▶ [Task directions] Please give every record below again exactly, and keep the pictures out.

Supplied entries Start Marker

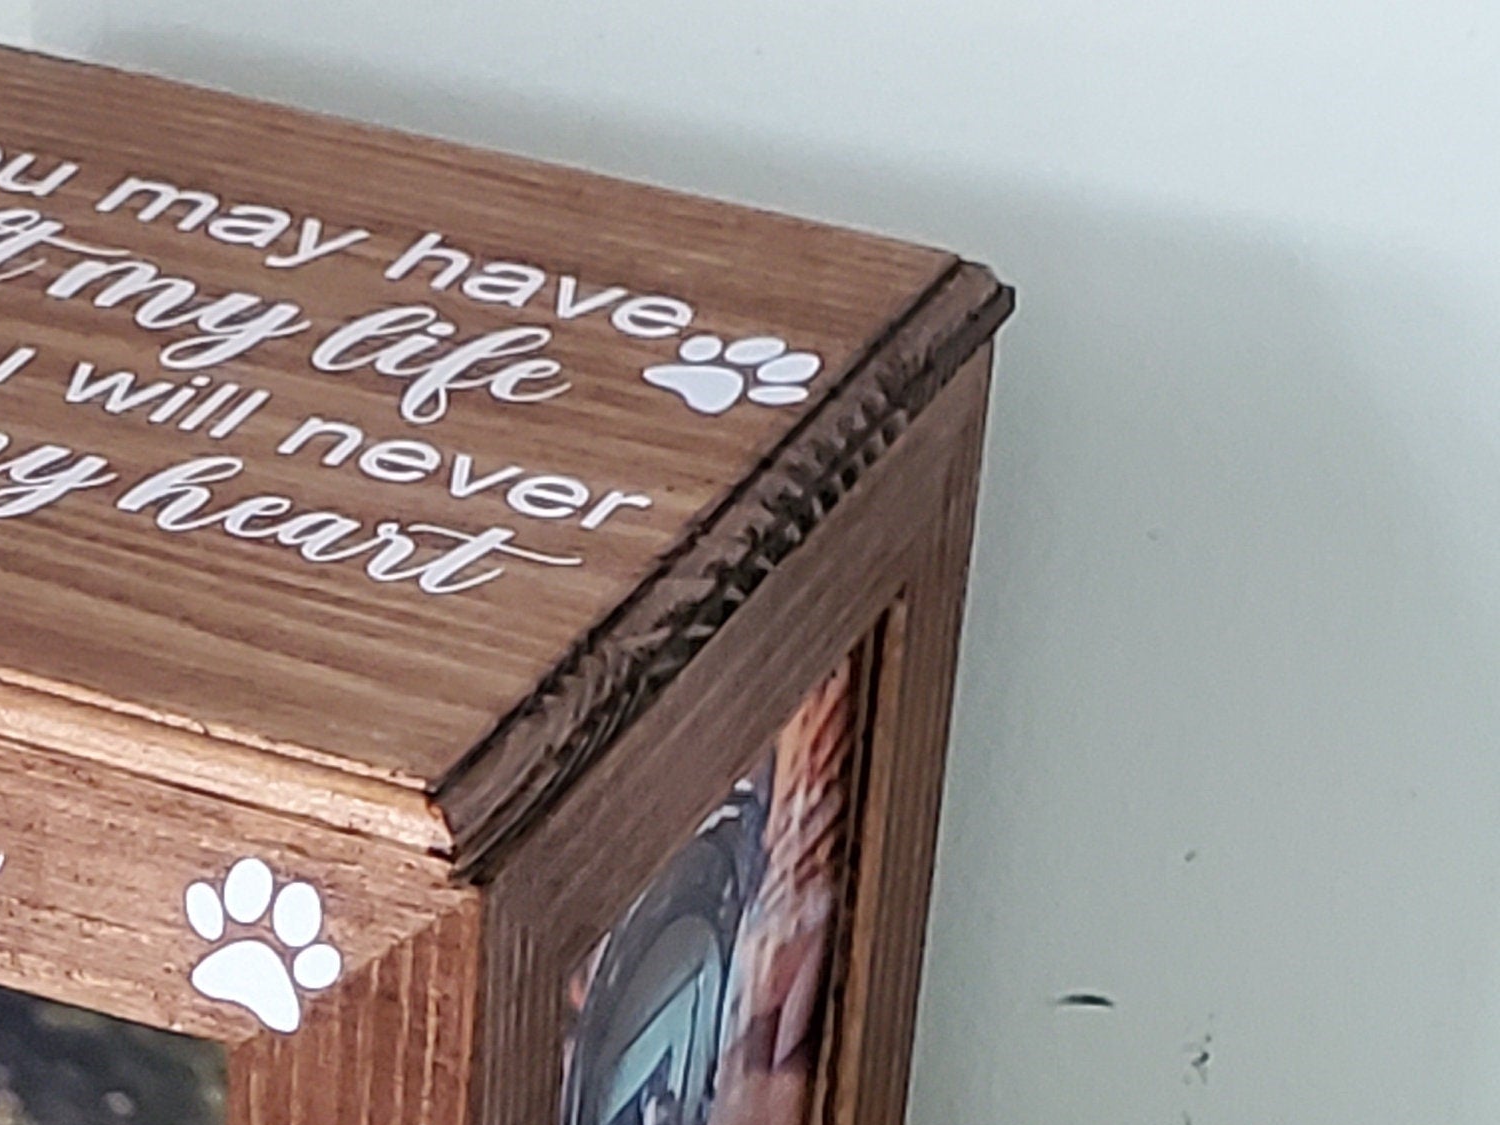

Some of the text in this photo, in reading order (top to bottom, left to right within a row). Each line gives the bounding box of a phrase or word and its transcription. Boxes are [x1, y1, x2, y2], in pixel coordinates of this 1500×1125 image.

[95, 177, 370, 270] may
[383, 232, 695, 339] have
[45, 257, 314, 371] my
[309, 304, 574, 426] life
[64, 361, 272, 441] will
[276, 416, 655, 533] never
[115, 454, 586, 599] heart
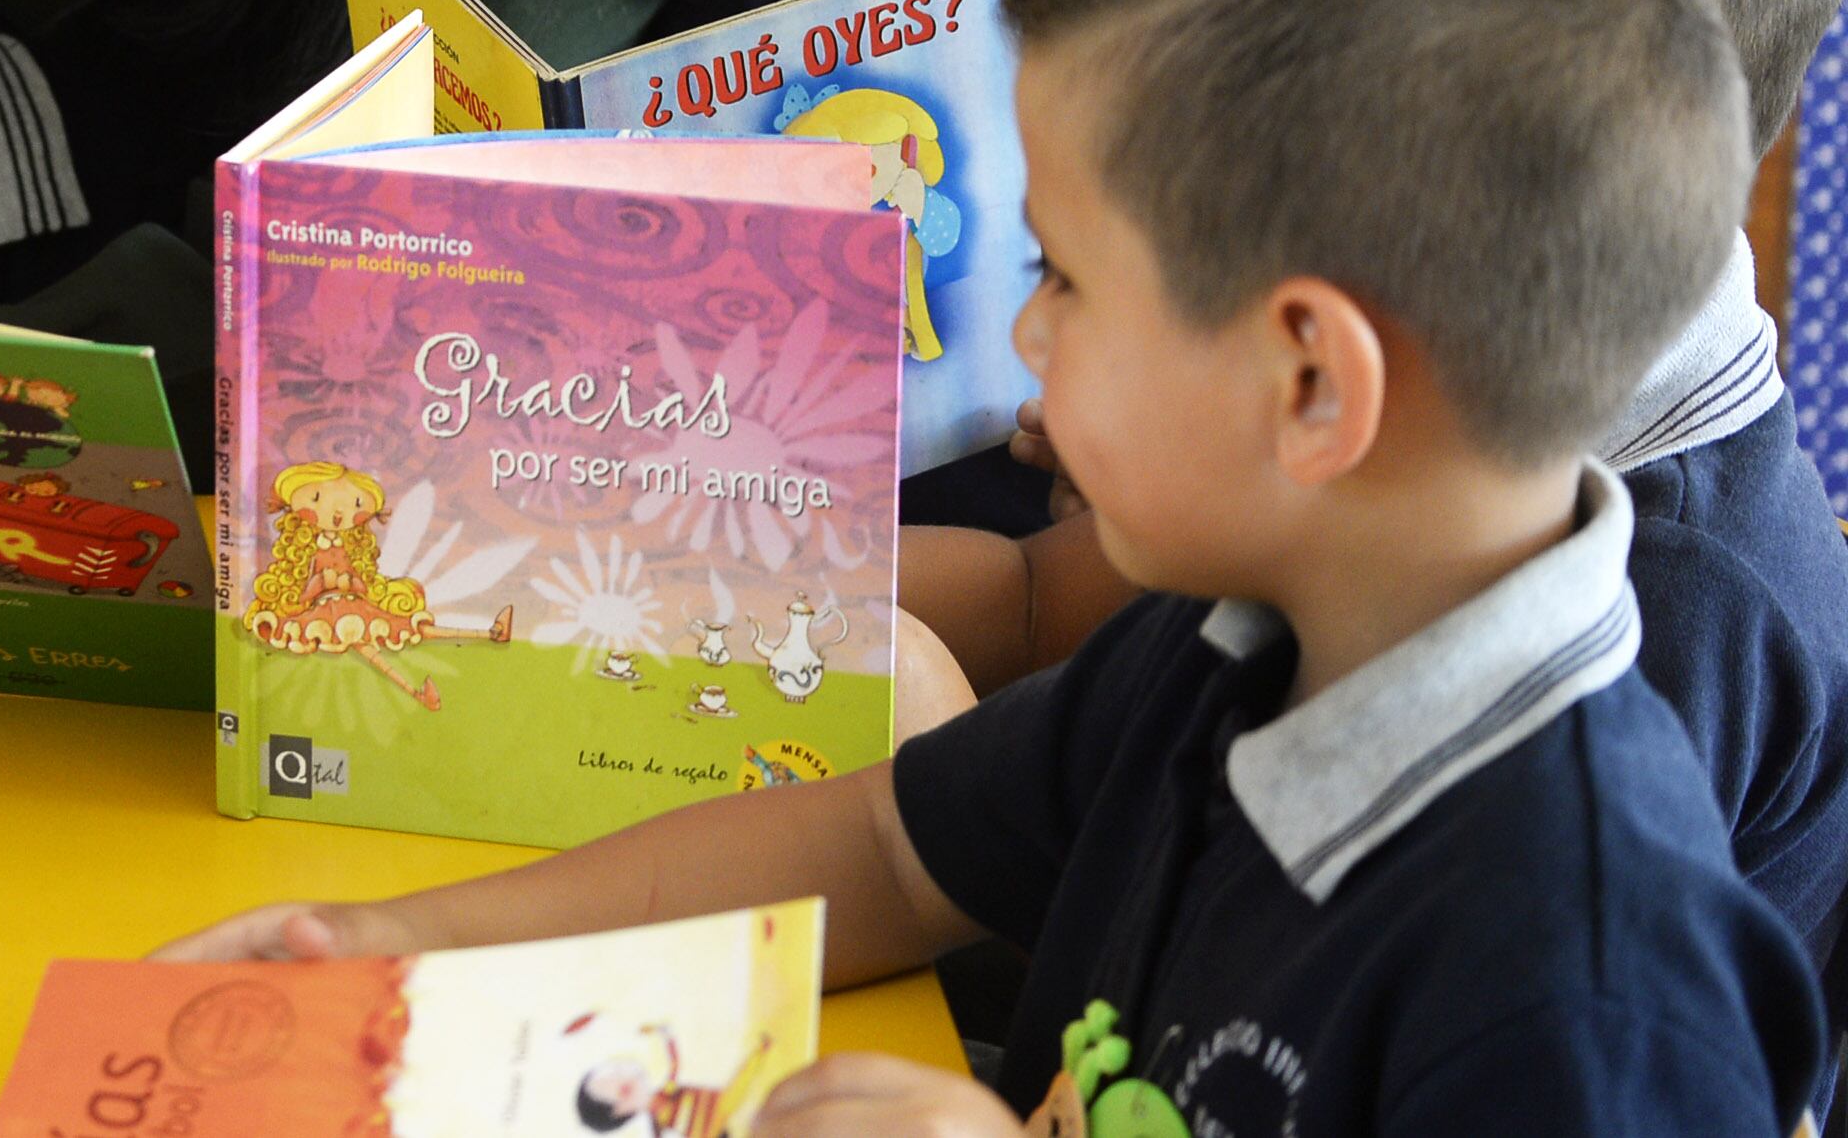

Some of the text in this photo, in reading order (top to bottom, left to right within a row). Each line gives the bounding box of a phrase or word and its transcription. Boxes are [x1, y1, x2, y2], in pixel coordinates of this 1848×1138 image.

[642, 33, 784, 128] ¿QUÉ
[266, 220, 474, 257] Cristina Portorrico
[330, 256, 353, 271] por
[356, 253, 432, 281] Rodrigo
[437, 260, 526, 287] Folgueira
[413, 331, 733, 439] Gracias
[215, 376, 234, 611] Gracias por ser mi amiga
[489, 447, 834, 518] por ser mi amiga
[577, 749, 729, 785] Libros de regalo
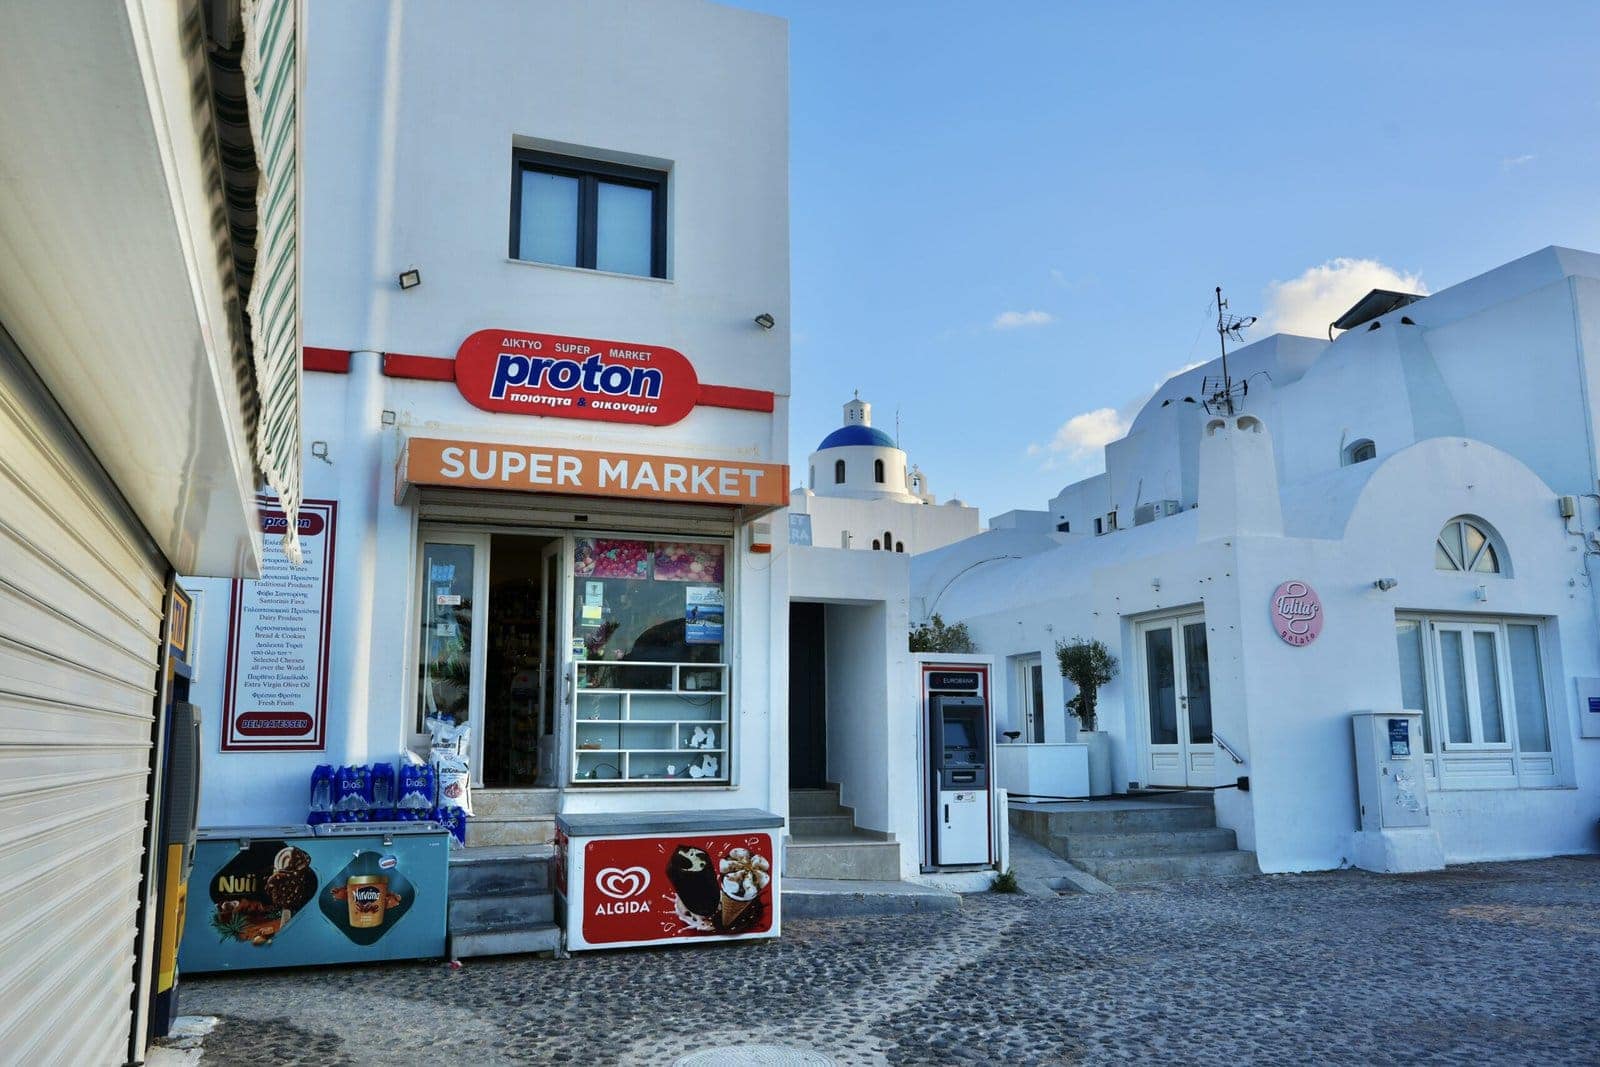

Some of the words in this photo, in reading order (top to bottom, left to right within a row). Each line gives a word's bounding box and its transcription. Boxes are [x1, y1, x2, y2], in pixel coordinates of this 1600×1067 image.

Supplied entries End Marker

▶ [Reply]
Some of the text in this photo, in reading order (top to bottom, left to right within a row). Each line gives the bounding box of a phrase or word and its transcription. Boxes are [x1, y1, x2, y2], in pixel coordinates of this 1500×1125 image.

[95, 177, 370, 270] may
[383, 232, 695, 339] have
[45, 257, 314, 371] my
[309, 304, 574, 426] life
[64, 361, 272, 441] will
[276, 416, 655, 533] never
[115, 454, 586, 599] heart

Some of the text in this photo, in reading order (top to bottom, left to right within a row). Each line gives the bounding box of a phrase or word and its transcription. Boxes are [x1, y1, x2, y2], in pixel coordinates of this 1848×1138 image.

[642, 33, 784, 128] ¿QUÉ
[266, 220, 474, 257] Cristina Portorrico
[330, 256, 353, 271] por
[356, 253, 432, 281] Rodrigo
[437, 260, 526, 287] Folgueira
[413, 331, 733, 439] Gracias
[215, 376, 234, 611] Gracias por ser mi amiga
[489, 447, 834, 518] por ser mi amiga
[577, 749, 729, 785] Libros de regalo

Some of the words in this photo, in reading order (top to bottom, left to right within a row). Each line gives a word's bounding box and its transcription. Boxes are [x1, y1, x2, y2], in pixel coordinates of this 1600×1067 image.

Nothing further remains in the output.